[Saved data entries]
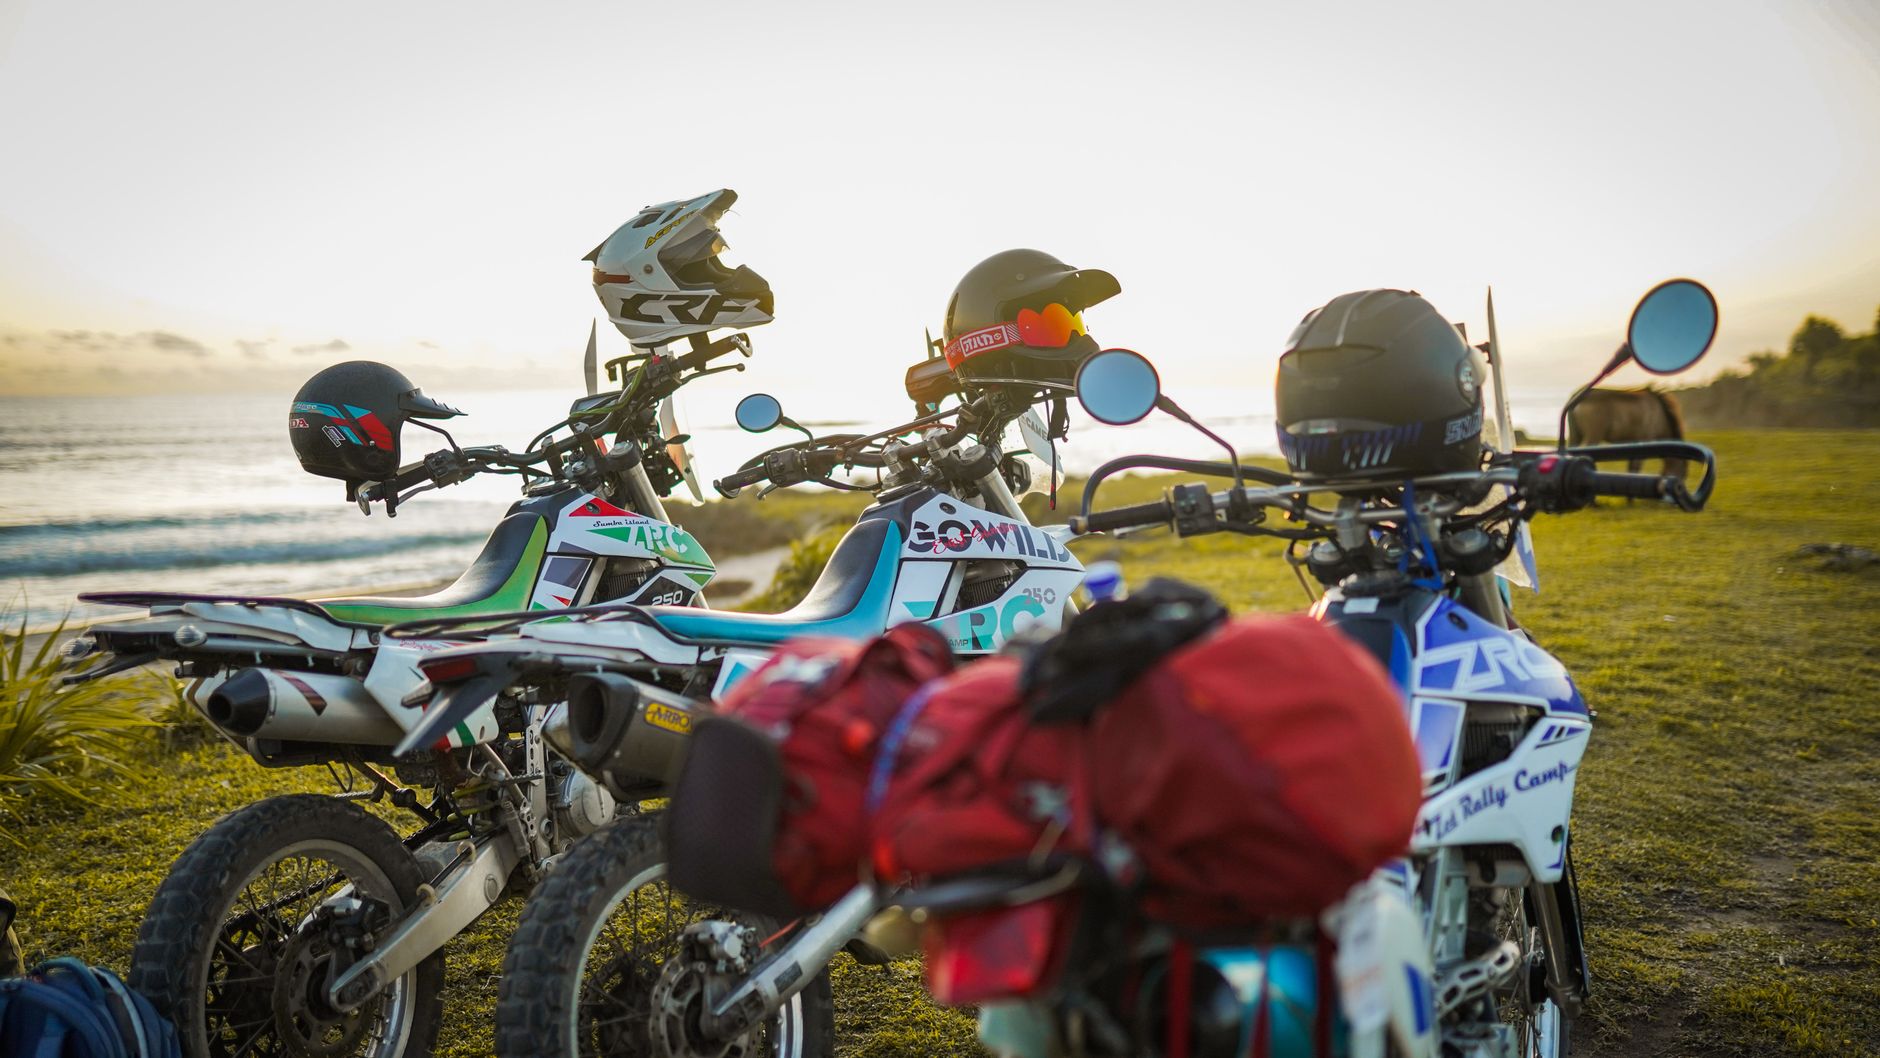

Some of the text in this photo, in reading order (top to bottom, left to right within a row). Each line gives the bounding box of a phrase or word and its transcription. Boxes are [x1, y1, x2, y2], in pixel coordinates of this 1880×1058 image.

[620, 294, 760, 325] CRF
[290, 418, 309, 428] DA
[1026, 416, 1049, 442] CAME
[652, 590, 683, 607] 250
[1022, 588, 1056, 604] 250
[950, 639, 968, 647] AMP
[648, 706, 690, 728] ARRO
[1458, 785, 1508, 821] Rally
[1514, 760, 1573, 791] Camp
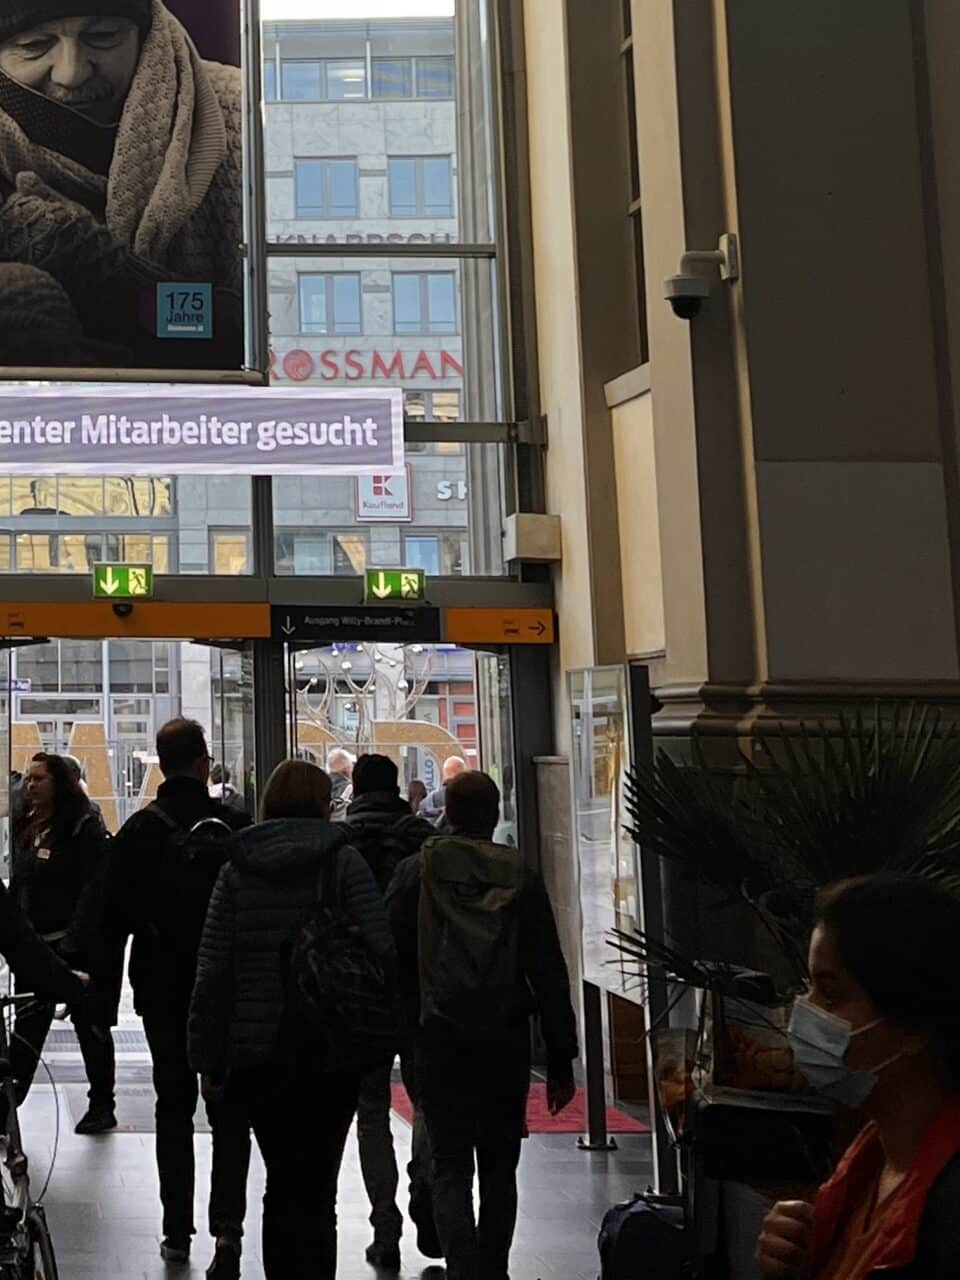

About this task: Each record has to be set down verbatim, and the pictures must not appear in the copy.

Response below:
Some of the text in this photo, in reading order (top to bottom, left to right within a row). Each line gives the bounding box of a phrase or word and its transcription. Boxes are [x1, y1, x2, y2], in pixel coordinates of this 1880×1058 image.

[620, 294, 760, 325] CRF
[290, 418, 309, 428] DA
[1026, 416, 1049, 442] CAME
[652, 590, 683, 607] 250
[1022, 588, 1056, 604] 250
[950, 639, 968, 647] AMP
[648, 706, 690, 728] ARRO
[1458, 785, 1508, 821] Rally
[1514, 760, 1573, 791] Camp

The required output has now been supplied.